听的这话,胡万里不由微微点了点头,他虽然很想去堺港逛逛,却也不得不顾全大局,这片海域应该是村上水军的活动范围,看了看天色,他才道:“好,就去北部海湾。”
大半个时辰后,船队便抵达海湾北部,因为背后就是高山,这片海湾确实是风平浪静,而且离着堺港与濑户海域的主航道不远,胡万里对此极为满意,当即便吩咐道:“找个会倭语的去问问渔民,了解下这片海域的航线,顺带问问村上水军的情况。
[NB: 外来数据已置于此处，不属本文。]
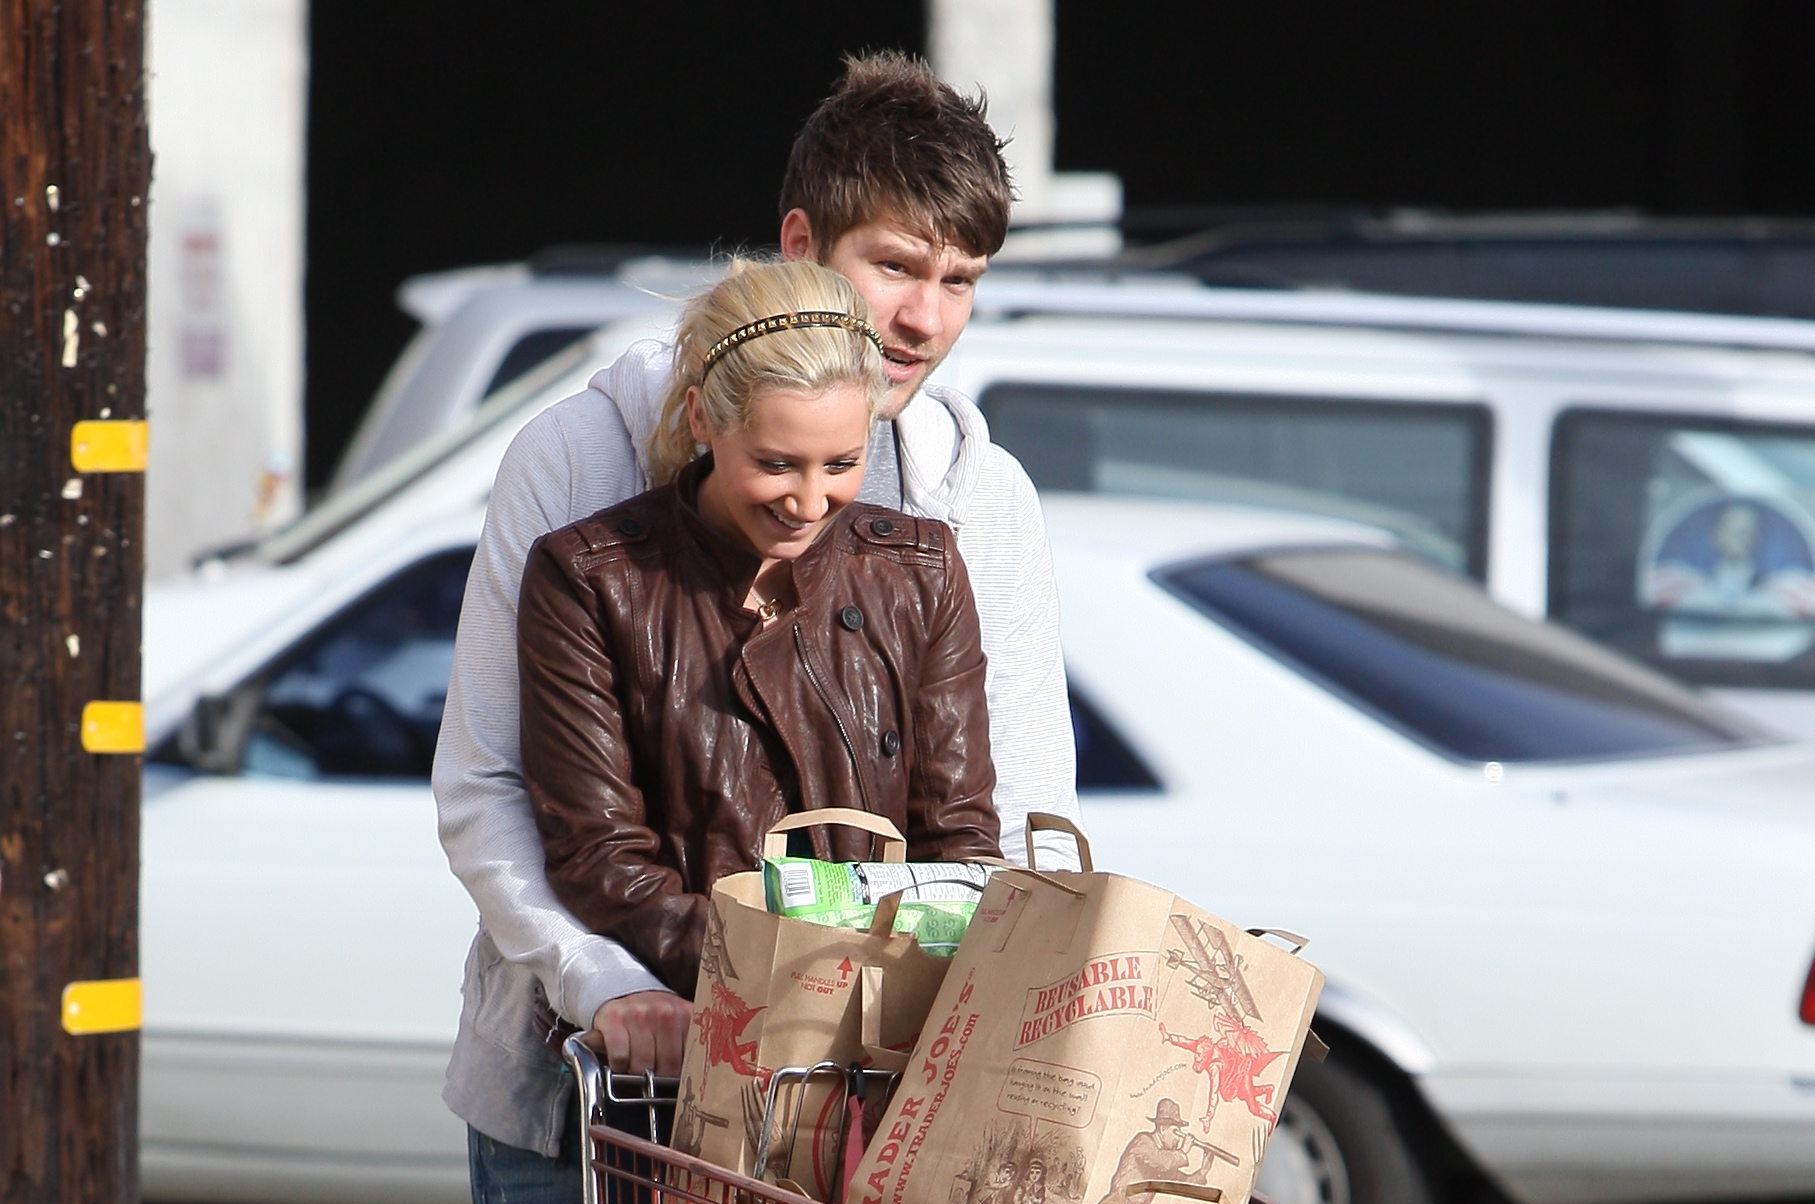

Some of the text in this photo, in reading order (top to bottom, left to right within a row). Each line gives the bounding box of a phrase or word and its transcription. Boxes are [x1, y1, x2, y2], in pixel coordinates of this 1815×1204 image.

[801, 982, 834, 995] NOT OUT
[836, 980, 848, 988] UP
[1034, 956, 1142, 1014] REUSABLE
[922, 981, 974, 1087] JOE'S
[1018, 985, 1154, 1045] RECYCLABLE
”
“是,少爷。”李健应了一声之后。才请示道:“那些锻冶工匠能否允许上岸?他们平日里都在底仓,活动有限。”
东兴港舰队一路搜刮的锻冶工匠已经一百多人,连带家属已经装了三艘船,回程至少还要半个月左右,胡万里可不想这些工匠死在船上或是病在船上,微微沉吟。他才问道:“那些工匠情绪怎么样?”
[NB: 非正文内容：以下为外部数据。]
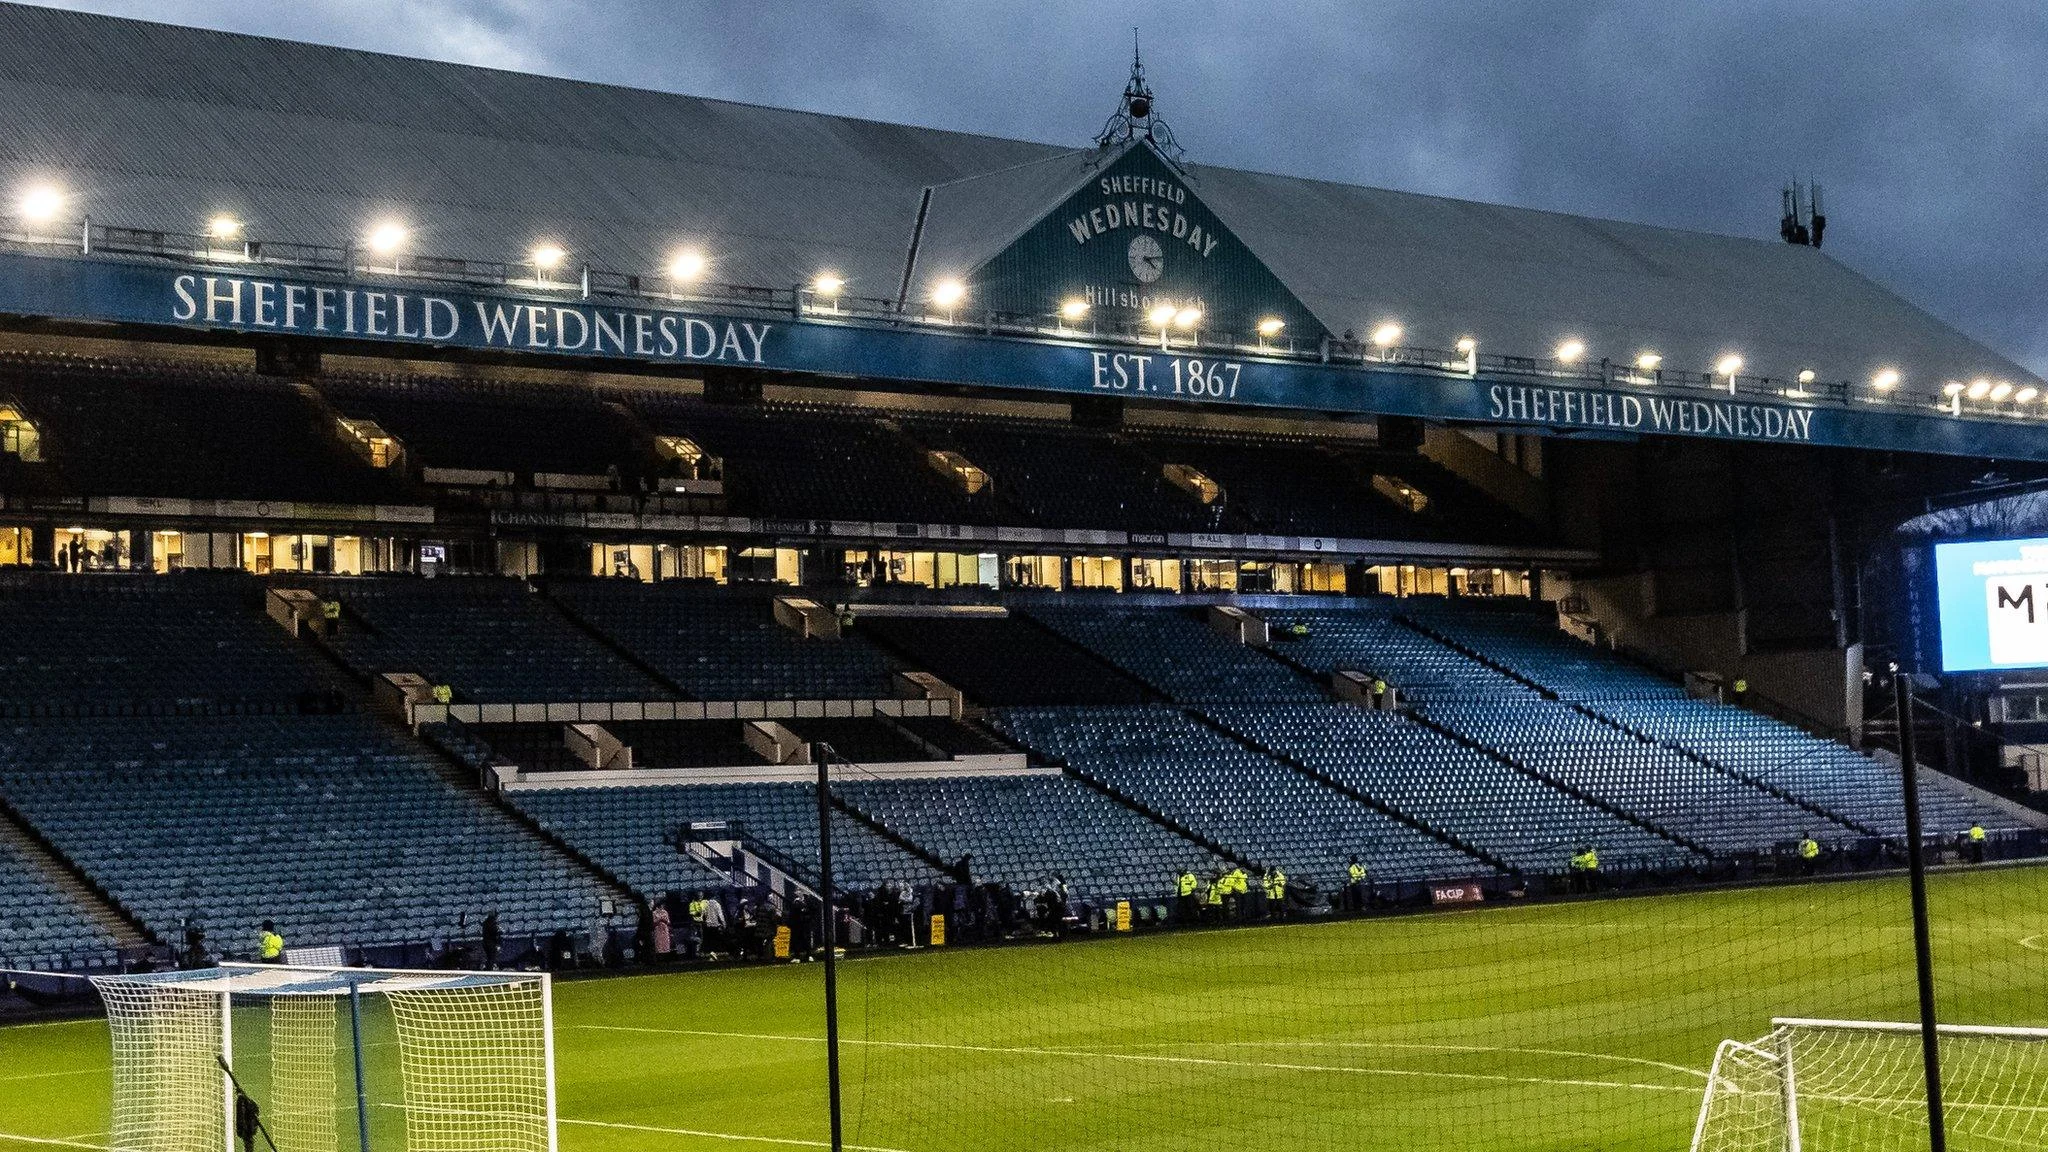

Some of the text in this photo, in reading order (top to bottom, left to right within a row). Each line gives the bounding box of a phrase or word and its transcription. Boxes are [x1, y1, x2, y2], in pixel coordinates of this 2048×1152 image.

[1101, 175, 1186, 205] SHEFFIELD
[1067, 201, 1218, 258] WEDNESDAY
[173, 275, 772, 363] SHEFFIELD WEDNESDAY
[1085, 285, 1205, 314] Hillsboh
[1090, 352, 1241, 398] EST. 1867
[1490, 385, 1813, 440] SHEFFIELD WEDNESDAY
[1997, 585, 2048, 624] M
[1435, 889, 1447, 901] FA
[1447, 888, 1464, 900] CUP
“很稳定。”李健连忙回道:“虽然因为数目渐大而将饮食改为一日两餐,但没有人抱怨,在船上也很配合,没人惹麻烦。”
微微点了点头,胡万里才道:“先让一部分人上岸,看看效果,若有人企图逃跑,就取消他们上岸的机会。”
海湾北部的山脚下是一道狭长的海滩,除了渔村之外。都荒无人烟,草草的布置了警戒线和岗哨之后,护卫队兵丁和一众工匠都开始分批上岸,长时间在海上漂泊,是一件相当无聊的事情,所有人都渴望着能上岸,哪怕是在岸上走走也好。
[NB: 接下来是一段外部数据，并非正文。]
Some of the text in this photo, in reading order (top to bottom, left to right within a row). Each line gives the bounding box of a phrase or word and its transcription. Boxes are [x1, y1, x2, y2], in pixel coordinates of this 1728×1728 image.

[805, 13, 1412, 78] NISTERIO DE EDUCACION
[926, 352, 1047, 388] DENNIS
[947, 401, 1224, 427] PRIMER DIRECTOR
护卫队军官清一色都是十**岁的年轻人,正是喜欢繁华的年纪。得知有可能要在这海湾呆上三四天时间,不少人心里就活泛起来。营长王富贵上岸将警戒换防等事情安排好之后,正闲的无聊,远远看见李健快步过来,他便连忙迎了上去,含笑道:“李团长,村上那些海贼的老巢离这里有多远?这两日闲着。能不能打上一仗?”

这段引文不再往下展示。